• **Work instructions**
Return every record below exactly; leave out the images.

• **Material provided**

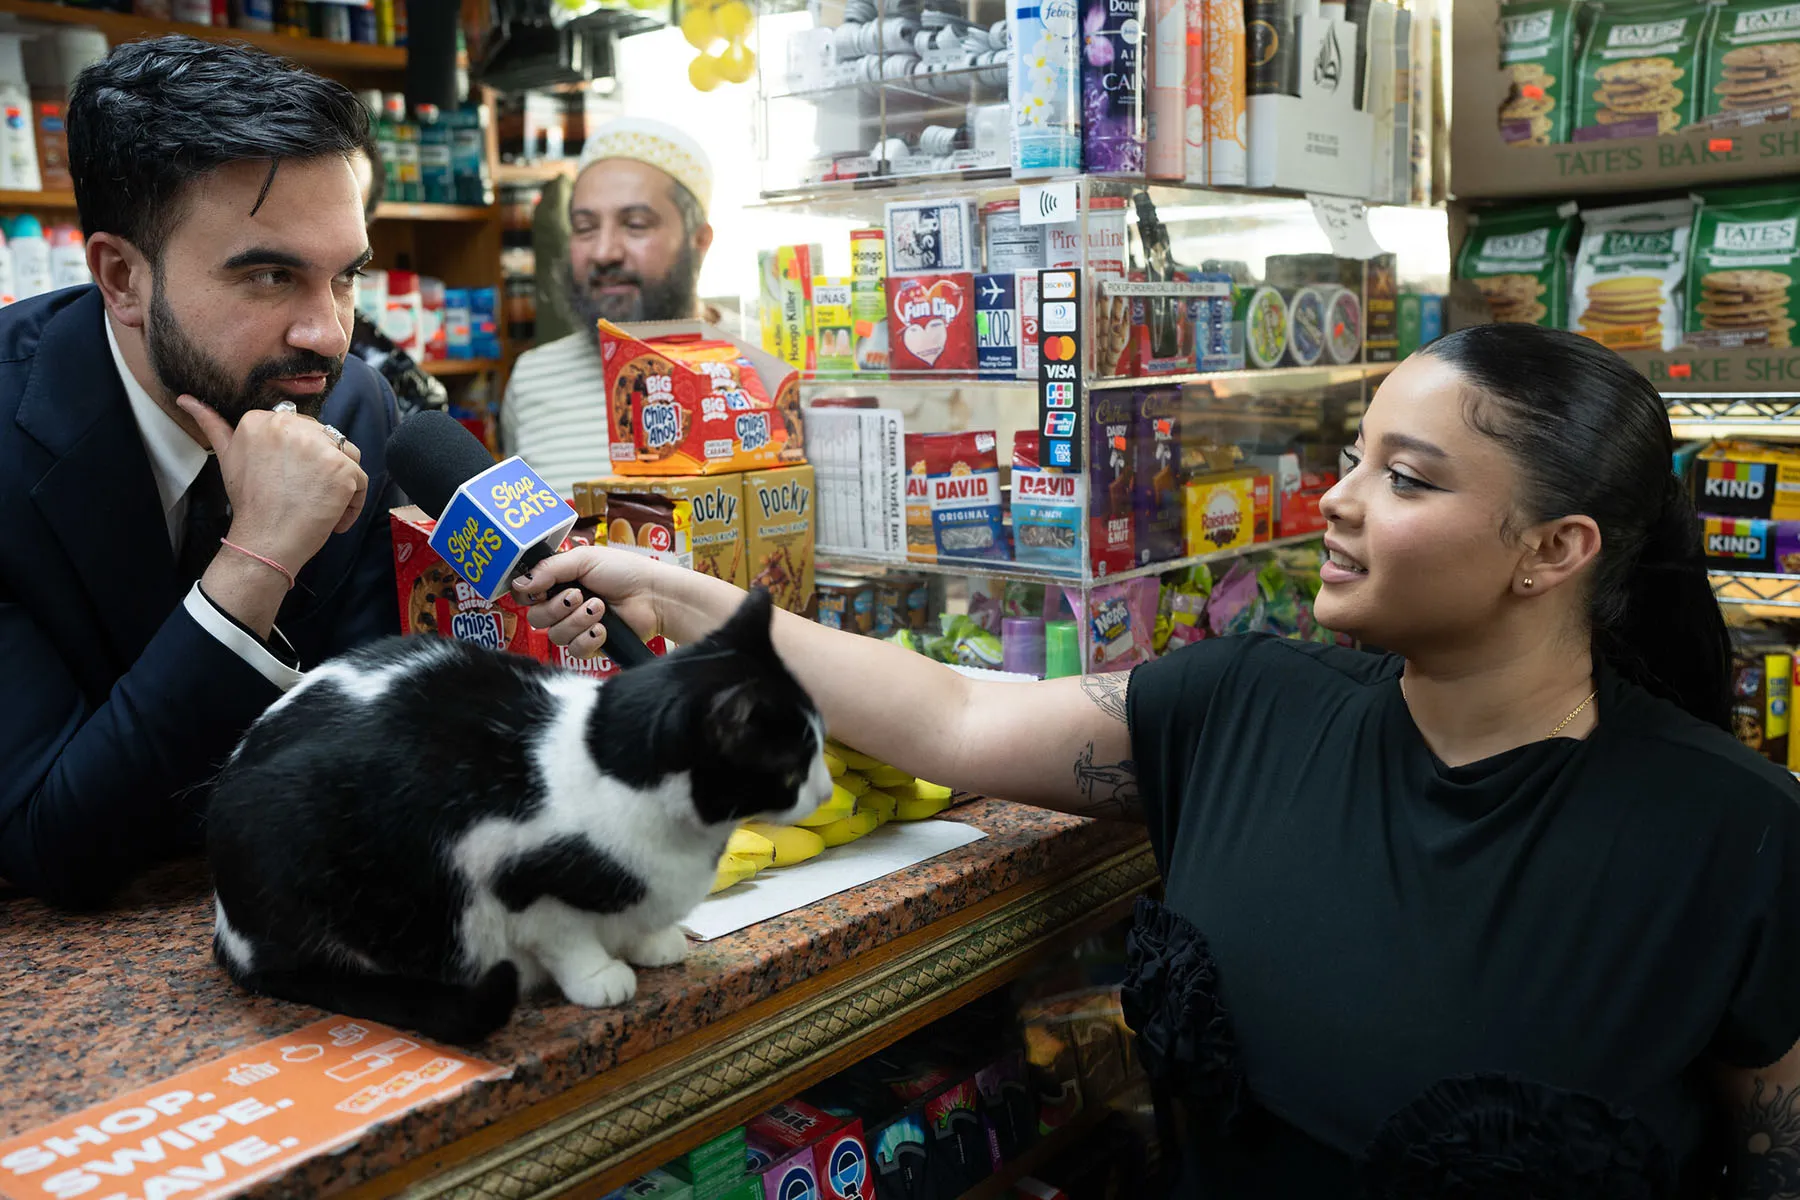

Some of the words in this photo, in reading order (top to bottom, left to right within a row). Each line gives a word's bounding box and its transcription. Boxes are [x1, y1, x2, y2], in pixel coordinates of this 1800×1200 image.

[1658, 137, 1744, 168] BAKE
[816, 292, 847, 304] UNAS
[1044, 364, 1076, 379] VISA
[888, 419, 898, 467] China
[491, 475, 535, 509] Shop
[936, 478, 988, 500] DAVID
[1020, 475, 1075, 497] DAVID
[1704, 478, 1765, 500] KIND
[503, 489, 558, 529] CATS
[693, 487, 738, 526] ocky
[939, 510, 989, 522] ORIGINAL
[447, 516, 479, 563] Shop
[692, 534, 714, 545] MOND
[1709, 535, 1761, 554] KIND
[463, 528, 502, 583] CATS
[453, 613, 495, 641] Chips
[0, 1089, 216, 1175] SHOP.
[42, 1097, 295, 1199] SWIPE.
[101, 1135, 300, 1200] AVE.
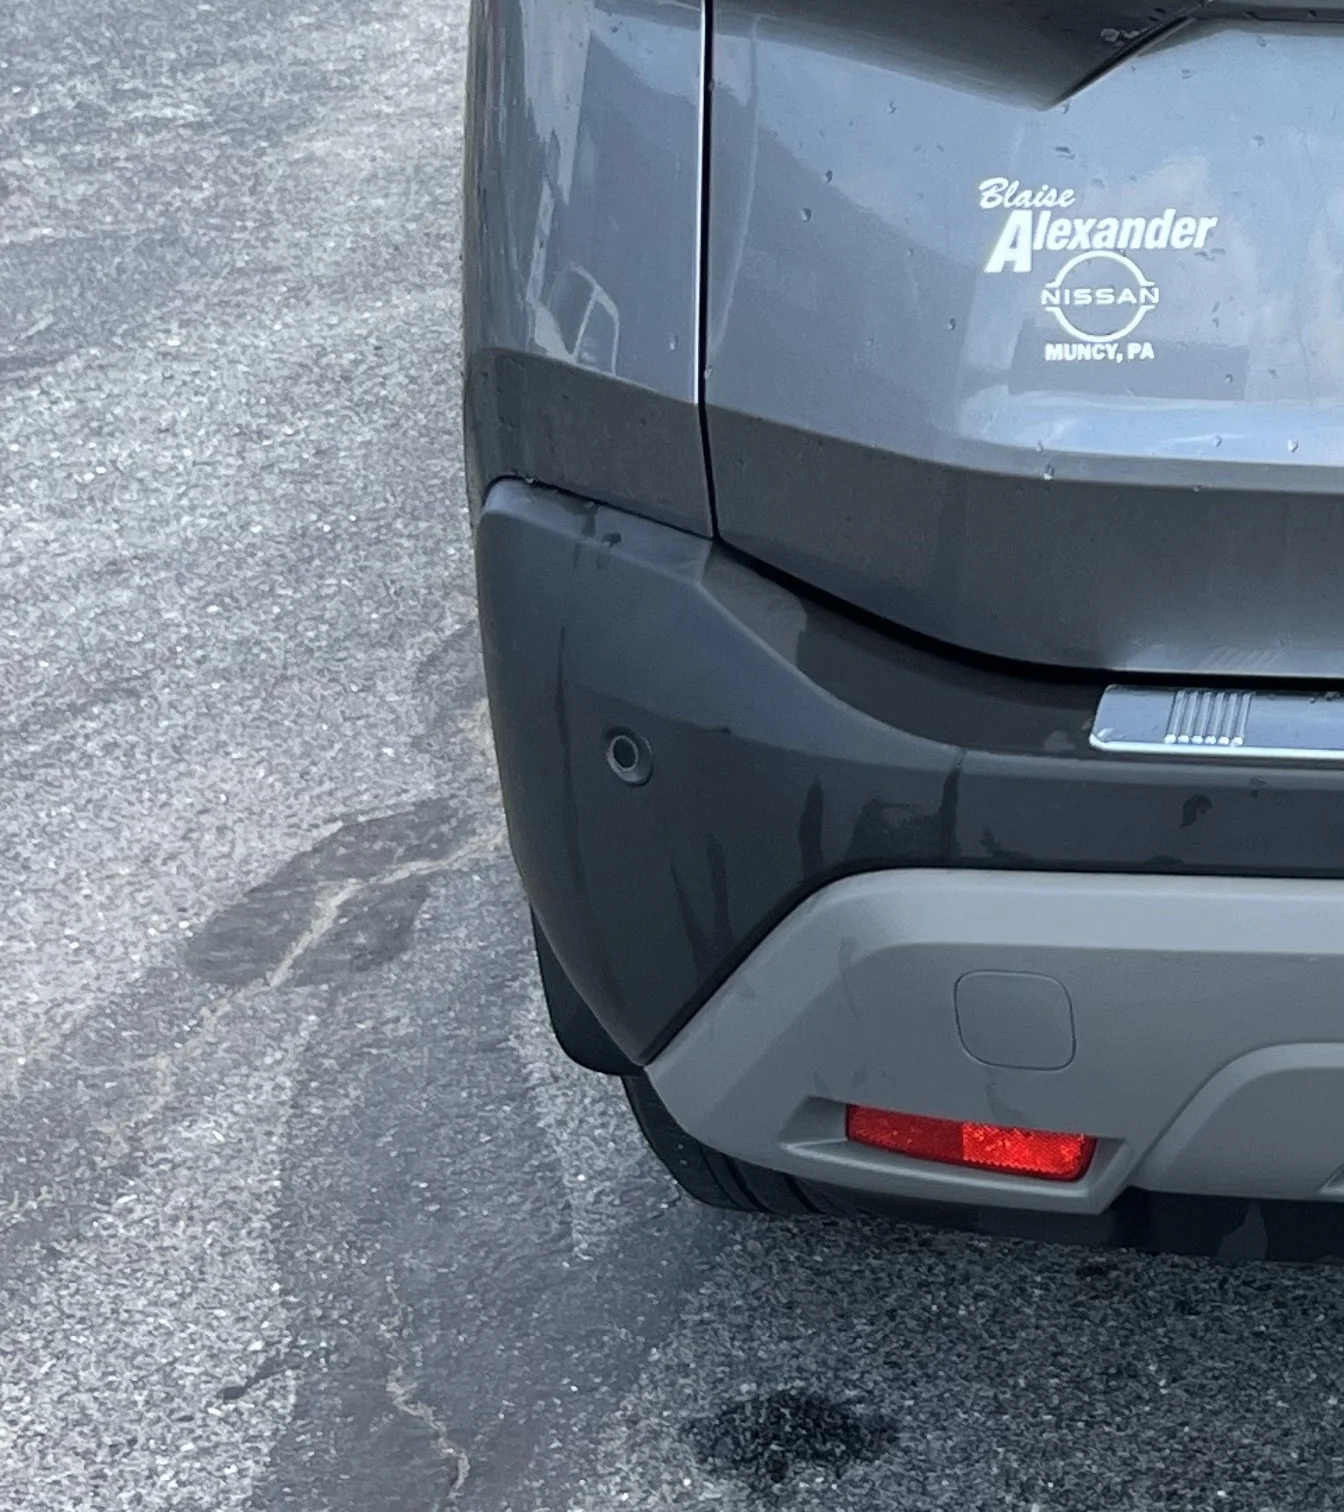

• **Response box**
Some of the words in this photo, in reading order (top to bottom, left to right within a row). Each line gives a word's bounding box and its transcription. Boxes are [x1, y1, x2, y2], in pixel coordinates of this 1800×1200 image.

[1658, 137, 1744, 168] BAKE
[816, 292, 847, 304] UNAS
[1044, 364, 1076, 379] VISA
[888, 419, 898, 467] China
[491, 475, 535, 509] Shop
[936, 478, 988, 500] DAVID
[1020, 475, 1075, 497] DAVID
[1704, 478, 1765, 500] KIND
[503, 489, 558, 529] CATS
[693, 487, 738, 526] ocky
[939, 510, 989, 522] ORIGINAL
[447, 516, 479, 563] Shop
[692, 534, 714, 545] MOND
[1709, 535, 1761, 554] KIND
[463, 528, 502, 583] CATS
[453, 613, 495, 641] Chips
[0, 1089, 216, 1175] SHOP.
[42, 1097, 295, 1199] SWIPE.
[101, 1135, 300, 1200] AVE.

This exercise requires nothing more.